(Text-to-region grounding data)
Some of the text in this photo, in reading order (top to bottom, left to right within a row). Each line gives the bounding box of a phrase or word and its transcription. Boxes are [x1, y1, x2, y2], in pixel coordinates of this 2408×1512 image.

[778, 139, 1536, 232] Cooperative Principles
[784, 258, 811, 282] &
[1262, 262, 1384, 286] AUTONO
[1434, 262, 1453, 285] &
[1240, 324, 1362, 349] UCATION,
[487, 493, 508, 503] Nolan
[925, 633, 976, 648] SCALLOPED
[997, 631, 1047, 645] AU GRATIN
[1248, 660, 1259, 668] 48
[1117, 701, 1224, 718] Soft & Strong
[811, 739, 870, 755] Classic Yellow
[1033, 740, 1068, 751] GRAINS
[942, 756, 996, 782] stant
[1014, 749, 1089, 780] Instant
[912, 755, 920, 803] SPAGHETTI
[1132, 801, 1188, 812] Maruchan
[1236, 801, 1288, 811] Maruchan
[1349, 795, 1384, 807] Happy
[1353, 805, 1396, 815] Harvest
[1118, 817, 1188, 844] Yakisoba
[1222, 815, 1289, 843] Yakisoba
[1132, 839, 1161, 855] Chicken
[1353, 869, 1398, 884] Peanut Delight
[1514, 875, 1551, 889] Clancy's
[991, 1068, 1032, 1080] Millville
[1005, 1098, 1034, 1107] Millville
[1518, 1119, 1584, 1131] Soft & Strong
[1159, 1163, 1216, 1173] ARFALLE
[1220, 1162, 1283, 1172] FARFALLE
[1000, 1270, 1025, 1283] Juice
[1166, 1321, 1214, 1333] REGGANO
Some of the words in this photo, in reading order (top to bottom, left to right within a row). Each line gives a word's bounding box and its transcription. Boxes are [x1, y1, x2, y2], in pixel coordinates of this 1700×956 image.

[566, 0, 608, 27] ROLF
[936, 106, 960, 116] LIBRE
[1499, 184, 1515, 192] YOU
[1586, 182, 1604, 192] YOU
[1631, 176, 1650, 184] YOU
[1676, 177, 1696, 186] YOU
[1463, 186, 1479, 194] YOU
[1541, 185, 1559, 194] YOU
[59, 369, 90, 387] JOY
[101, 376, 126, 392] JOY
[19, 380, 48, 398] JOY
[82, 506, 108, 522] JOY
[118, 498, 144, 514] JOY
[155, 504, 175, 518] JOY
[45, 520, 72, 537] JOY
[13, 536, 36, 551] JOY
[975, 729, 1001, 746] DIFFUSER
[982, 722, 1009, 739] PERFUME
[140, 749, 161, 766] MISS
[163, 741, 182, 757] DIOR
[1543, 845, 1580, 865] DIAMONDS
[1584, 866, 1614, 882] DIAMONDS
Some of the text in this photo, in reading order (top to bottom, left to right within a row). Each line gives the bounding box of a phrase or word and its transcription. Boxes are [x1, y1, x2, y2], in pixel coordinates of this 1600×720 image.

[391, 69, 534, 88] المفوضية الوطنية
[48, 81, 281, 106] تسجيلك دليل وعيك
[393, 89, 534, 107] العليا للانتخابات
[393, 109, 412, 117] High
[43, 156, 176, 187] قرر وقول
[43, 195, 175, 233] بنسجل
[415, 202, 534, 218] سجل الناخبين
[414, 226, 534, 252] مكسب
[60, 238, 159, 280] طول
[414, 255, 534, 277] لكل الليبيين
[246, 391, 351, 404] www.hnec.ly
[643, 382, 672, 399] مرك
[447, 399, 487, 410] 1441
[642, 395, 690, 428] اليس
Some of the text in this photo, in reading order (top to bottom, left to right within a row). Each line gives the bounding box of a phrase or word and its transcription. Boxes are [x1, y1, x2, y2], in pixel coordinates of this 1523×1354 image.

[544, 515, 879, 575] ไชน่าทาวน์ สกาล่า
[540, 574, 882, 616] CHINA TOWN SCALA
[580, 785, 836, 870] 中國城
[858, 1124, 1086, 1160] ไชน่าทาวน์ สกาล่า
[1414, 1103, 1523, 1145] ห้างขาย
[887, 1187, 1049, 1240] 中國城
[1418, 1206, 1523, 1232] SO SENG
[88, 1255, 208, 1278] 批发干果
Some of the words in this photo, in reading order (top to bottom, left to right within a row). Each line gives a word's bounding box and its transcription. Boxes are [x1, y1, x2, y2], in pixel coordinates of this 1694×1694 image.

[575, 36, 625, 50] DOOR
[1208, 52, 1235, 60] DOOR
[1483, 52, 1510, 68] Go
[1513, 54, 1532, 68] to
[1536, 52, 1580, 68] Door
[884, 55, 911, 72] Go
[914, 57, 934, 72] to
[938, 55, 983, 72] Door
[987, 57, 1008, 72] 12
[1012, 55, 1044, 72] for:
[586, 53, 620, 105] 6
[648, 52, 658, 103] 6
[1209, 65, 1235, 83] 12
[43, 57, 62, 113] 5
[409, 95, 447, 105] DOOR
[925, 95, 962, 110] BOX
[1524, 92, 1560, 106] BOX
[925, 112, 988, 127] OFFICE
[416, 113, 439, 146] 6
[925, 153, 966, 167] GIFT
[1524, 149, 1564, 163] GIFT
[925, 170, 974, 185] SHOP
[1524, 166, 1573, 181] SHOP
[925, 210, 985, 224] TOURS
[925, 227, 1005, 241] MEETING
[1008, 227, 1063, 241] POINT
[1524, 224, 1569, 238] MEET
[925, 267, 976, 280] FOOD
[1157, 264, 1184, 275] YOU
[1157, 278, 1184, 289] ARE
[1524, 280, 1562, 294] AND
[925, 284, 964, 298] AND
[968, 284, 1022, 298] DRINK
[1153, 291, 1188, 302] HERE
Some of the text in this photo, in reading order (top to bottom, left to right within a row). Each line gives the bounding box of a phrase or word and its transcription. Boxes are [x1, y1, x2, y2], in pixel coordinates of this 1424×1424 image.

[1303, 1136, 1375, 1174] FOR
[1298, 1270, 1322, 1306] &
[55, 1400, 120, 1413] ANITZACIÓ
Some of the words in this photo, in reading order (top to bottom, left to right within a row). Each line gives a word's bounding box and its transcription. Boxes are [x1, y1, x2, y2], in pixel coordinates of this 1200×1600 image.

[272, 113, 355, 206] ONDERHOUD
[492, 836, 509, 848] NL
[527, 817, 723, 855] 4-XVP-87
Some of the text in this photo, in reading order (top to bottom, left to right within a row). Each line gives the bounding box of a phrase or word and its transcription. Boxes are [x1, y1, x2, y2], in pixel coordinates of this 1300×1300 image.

◆ The problem:
Copy the entries word for word.

◆ Exercise response:
Some of the text in this photo, in reading order (top to bottom, left to right within a row). Each line gives the bounding box of a phrase or word and its transcription. Boxes are [x1, y1, x2, y2], in pixel coordinates of this 2408×1512 image.

[778, 139, 1536, 232] Cooperative Principles
[784, 258, 811, 282] &
[1262, 262, 1384, 286] AUTONO
[1434, 262, 1453, 285] &
[1240, 324, 1362, 349] UCATION,
[487, 493, 508, 503] Nolan
[925, 633, 976, 648] SCALLOPED
[997, 631, 1047, 645] AU GRATIN
[1248, 660, 1259, 668] 48
[1117, 701, 1224, 718] Soft & Strong
[811, 739, 870, 755] Classic Yellow
[1033, 740, 1068, 751] GRAINS
[942, 756, 996, 782] stant
[1014, 749, 1089, 780] Instant
[912, 755, 920, 803] SPAGHETTI
[1132, 801, 1188, 812] Maruchan
[1236, 801, 1288, 811] Maruchan
[1349, 795, 1384, 807] Happy
[1353, 805, 1396, 815] Harvest
[1118, 817, 1188, 844] Yakisoba
[1222, 815, 1289, 843] Yakisoba
[1132, 839, 1161, 855] Chicken
[1353, 869, 1398, 884] Peanut Delight
[1514, 875, 1551, 889] Clancy's
[991, 1068, 1032, 1080] Millville
[1005, 1098, 1034, 1107] Millville
[1518, 1119, 1584, 1131] Soft & Strong
[1159, 1163, 1216, 1173] ARFALLE
[1220, 1162, 1283, 1172] FARFALLE
[1000, 1270, 1025, 1283] Juice
[1166, 1321, 1214, 1333] REGGANO
Some of the words in this photo, in reading order (top to bottom, left to right within a row). Each line gives a word's bounding box and its transcription. Boxes are [x1, y1, x2, y2], in pixel coordinates of this 1700×956 image.

[566, 0, 608, 27] ROLF
[936, 106, 960, 116] LIBRE
[1499, 184, 1515, 192] YOU
[1586, 182, 1604, 192] YOU
[1631, 176, 1650, 184] YOU
[1676, 177, 1696, 186] YOU
[1463, 186, 1479, 194] YOU
[1541, 185, 1559, 194] YOU
[59, 369, 90, 387] JOY
[101, 376, 126, 392] JOY
[19, 380, 48, 398] JOY
[82, 506, 108, 522] JOY
[118, 498, 144, 514] JOY
[155, 504, 175, 518] JOY
[45, 520, 72, 537] JOY
[13, 536, 36, 551] JOY
[975, 729, 1001, 746] DIFFUSER
[982, 722, 1009, 739] PERFUME
[140, 749, 161, 766] MISS
[163, 741, 182, 757] DIOR
[1543, 845, 1580, 865] DIAMONDS
[1584, 866, 1614, 882] DIAMONDS
Some of the text in this photo, in reading order (top to bottom, left to right within a row). Each line gives the bounding box of a phrase or word and its transcription. Boxes are [x1, y1, x2, y2], in pixel coordinates of this 1600×720 image.

[391, 69, 534, 88] المفوضية الوطنية
[48, 81, 281, 106] تسجيلك دليل وعيك
[393, 89, 534, 107] العليا للانتخابات
[393, 109, 412, 117] High
[43, 156, 176, 187] قرر وقول
[43, 195, 175, 233] بنسجل
[415, 202, 534, 218] سجل الناخبين
[414, 226, 534, 252] مكسب
[60, 238, 159, 280] طول
[414, 255, 534, 277] لكل الليبيين
[246, 391, 351, 404] www.hnec.ly
[643, 382, 672, 399] مرك
[447, 399, 487, 410] 1441
[642, 395, 690, 428] اليس
Some of the text in this photo, in reading order (top to bottom, left to right within a row). Each line gives the bounding box of a phrase or word and its transcription. Boxes are [x1, y1, x2, y2], in pixel coordinates of this 1523×1354 image.

[544, 515, 879, 575] ไชน่าทาวน์ สกาล่า
[540, 574, 882, 616] CHINA TOWN SCALA
[580, 785, 836, 870] 中國城
[858, 1124, 1086, 1160] ไชน่าทาวน์ สกาล่า
[1414, 1103, 1523, 1145] ห้างขาย
[887, 1187, 1049, 1240] 中國城
[1418, 1206, 1523, 1232] SO SENG
[88, 1255, 208, 1278] 批发干果
Some of the words in this photo, in reading order (top to bottom, left to right within a row). Each line gives a word's bounding box and its transcription. Boxes are [x1, y1, x2, y2], in pixel coordinates of this 1694×1694 image.

[575, 36, 625, 50] DOOR
[1208, 52, 1235, 60] DOOR
[1483, 52, 1510, 68] Go
[1513, 54, 1532, 68] to
[1536, 52, 1580, 68] Door
[884, 55, 911, 72] Go
[914, 57, 934, 72] to
[938, 55, 983, 72] Door
[987, 57, 1008, 72] 12
[1012, 55, 1044, 72] for:
[586, 53, 620, 105] 6
[648, 52, 658, 103] 6
[1209, 65, 1235, 83] 12
[43, 57, 62, 113] 5
[409, 95, 447, 105] DOOR
[925, 95, 962, 110] BOX
[1524, 92, 1560, 106] BOX
[925, 112, 988, 127] OFFICE
[416, 113, 439, 146] 6
[925, 153, 966, 167] GIFT
[1524, 149, 1564, 163] GIFT
[925, 170, 974, 185] SHOP
[1524, 166, 1573, 181] SHOP
[925, 210, 985, 224] TOURS
[925, 227, 1005, 241] MEETING
[1008, 227, 1063, 241] POINT
[1524, 224, 1569, 238] MEET
[925, 267, 976, 280] FOOD
[1157, 264, 1184, 275] YOU
[1157, 278, 1184, 289] ARE
[1524, 280, 1562, 294] AND
[925, 284, 964, 298] AND
[968, 284, 1022, 298] DRINK
[1153, 291, 1188, 302] HERE
Some of the text in this photo, in reading order (top to bottom, left to right within a row). Each line gives the bounding box of a phrase or word and its transcription. Boxes are [x1, y1, x2, y2], in pixel coordinates of this 1424×1424 image.

[1303, 1136, 1375, 1174] FOR
[1298, 1270, 1322, 1306] &
[55, 1400, 120, 1413] ANITZACIÓ
Some of the words in this photo, in reading order (top to bottom, left to right within a row). Each line gives a word's bounding box and its transcription. Boxes are [x1, y1, x2, y2], in pixel coordinates of this 1200×1600 image.

[272, 113, 355, 206] ONDERHOUD
[492, 836, 509, 848] NL
[527, 817, 723, 855] 4-XVP-87
Some of the text in this photo, in reading order (top to bottom, left to right within a row). Each line gives the bounding box of a phrase or word and its transcription. Boxes are [x1, y1, x2, y2], in pixel coordinates of this 1300×1300 image.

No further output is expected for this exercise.